Helloo web-goers, friends and soon-to-not-be-strangers! This is my quaint yet cute square-foot of the internet; my home; mi casa; my spot. And my name is Shannon B (as in Baker) because my last name coincidentally happens to be ‘Baker’. Today, July 27th 2023 I have been a Baker for 6 years! What is timmme? Sometimes I still find myself being in shock that I’m married lol. Like: “This man actually married me for real…like legally…seriously…governmentally.” It is definitely a miracle and a gift of grace from the Lord indeed. And not to say I’m ‘unmarriable’.
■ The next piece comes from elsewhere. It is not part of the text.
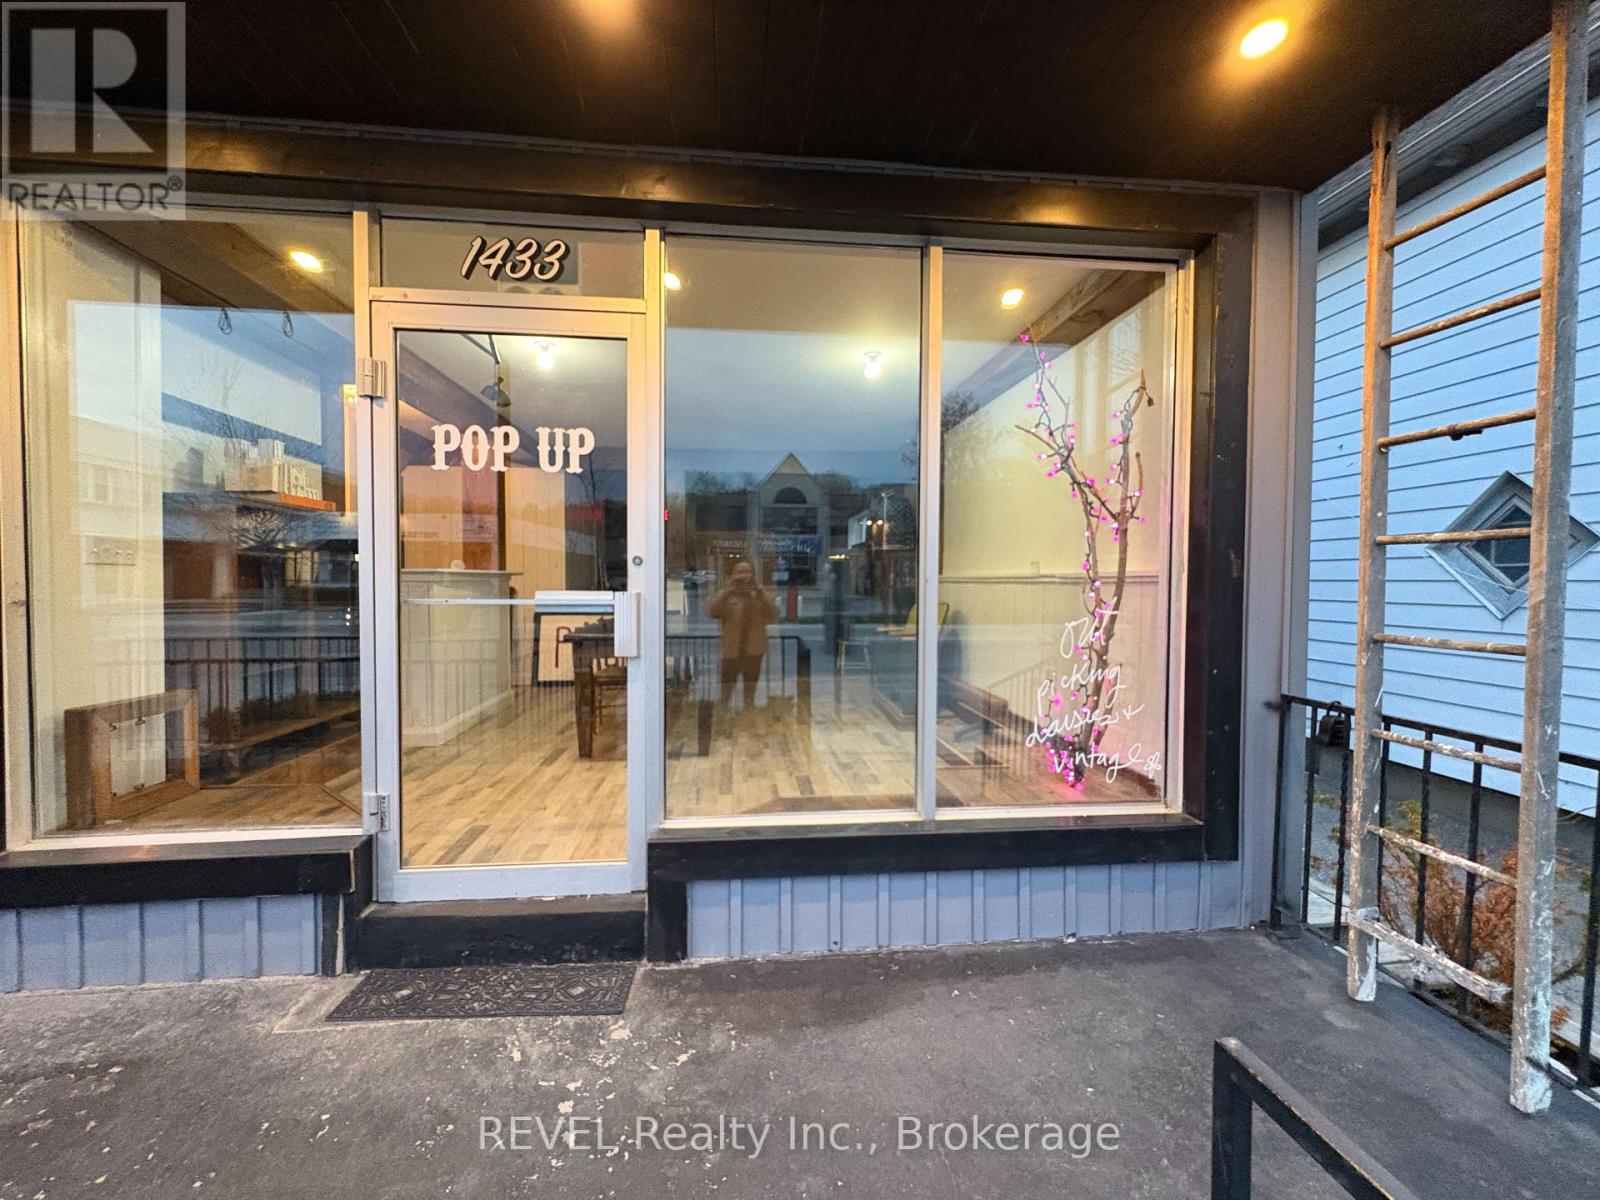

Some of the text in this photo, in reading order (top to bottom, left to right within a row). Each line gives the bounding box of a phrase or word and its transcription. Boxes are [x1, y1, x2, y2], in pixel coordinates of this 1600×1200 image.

It’s just, after learning about the sanctity and purpose and power of marriage, it’s a major responsibility and show of God’s faith in me, in my husband and in us. Sooo when I think about it, it’s simply humbling and sobering (and exciting!). Happy 6th Anniversary to me and my man! My husbaaand! God has so much in store for us and I can’t wait to live it all out with you. Thank You God for making me and keeping me Shannon B.
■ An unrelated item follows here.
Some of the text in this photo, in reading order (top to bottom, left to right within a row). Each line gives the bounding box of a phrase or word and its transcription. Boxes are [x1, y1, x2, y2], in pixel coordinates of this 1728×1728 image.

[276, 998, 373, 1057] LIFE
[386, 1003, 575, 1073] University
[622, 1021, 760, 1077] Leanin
I say “keeping” me because I’ve been Shannon B. since the beginning of time. My maiden name was also B like Berry. (You get the picture.) Anyway, all that to say that, though my name and status changed, parts of me have not or are still in-process. I’m a wife but I’m also equally still Shannon. ^_^ Which brings me to the title of this write-up:
“Is it MEEE? Am I the DRAMAAA?!”
Inspired by a Bible proverb I read yesterday, I thought it was fitting to share and to help in introducing me to this space. Proverbs 26:13 reads:
A sluggard says, “There’s a lion in the road, a fierce lion roaming the streets!”
Ouch. You may be asking why I decided to introduce myself with this verse. It does seem faintly self-deprecating. However, that’s not my intention nor belief about myself. *flips hair humbly* The truth is that the sluggard in this verse can be me far too often and too easily because one word, I’m “d r a m a t i c .” Reading this scripture made me think about how often I told myself and my husband that I wanted to start my website blog. It was not a secret. But what WAS the secret for him (and I) was ‘when.’ When was I actually going to do it? It wasn’t until reading the proverb did I realize I had confidently convinced myself of some lion roaming in the street! Everything was ‘a reason’ to not start.
Upon this realization I was pretty heartbroken because, like the sluggard, when I allow the ‘what if’ to become the ‘this is what is happening’ then I miss out on the ‘what God has called me to’. Because the truth is…whether there is a lion in the streets or not…my responsibility is to do the good I ought to…the good God has called me to do…which is to stop poking my head out the window.
So, to answer the question I pose in the title: No, I am not the drama. I only become the drama once I allow it to distract, define and direct me.
This blog post is my attempt at, not only bravery but, freedom. Freedom in God’s direction in these streets; as a writer, with my voice and with my impact. And to stop worrying about where our beloved fictional friend Simba is going.
Again, welcome and thanks for accepting me (drama-prone and all). I’m so glad you’re here.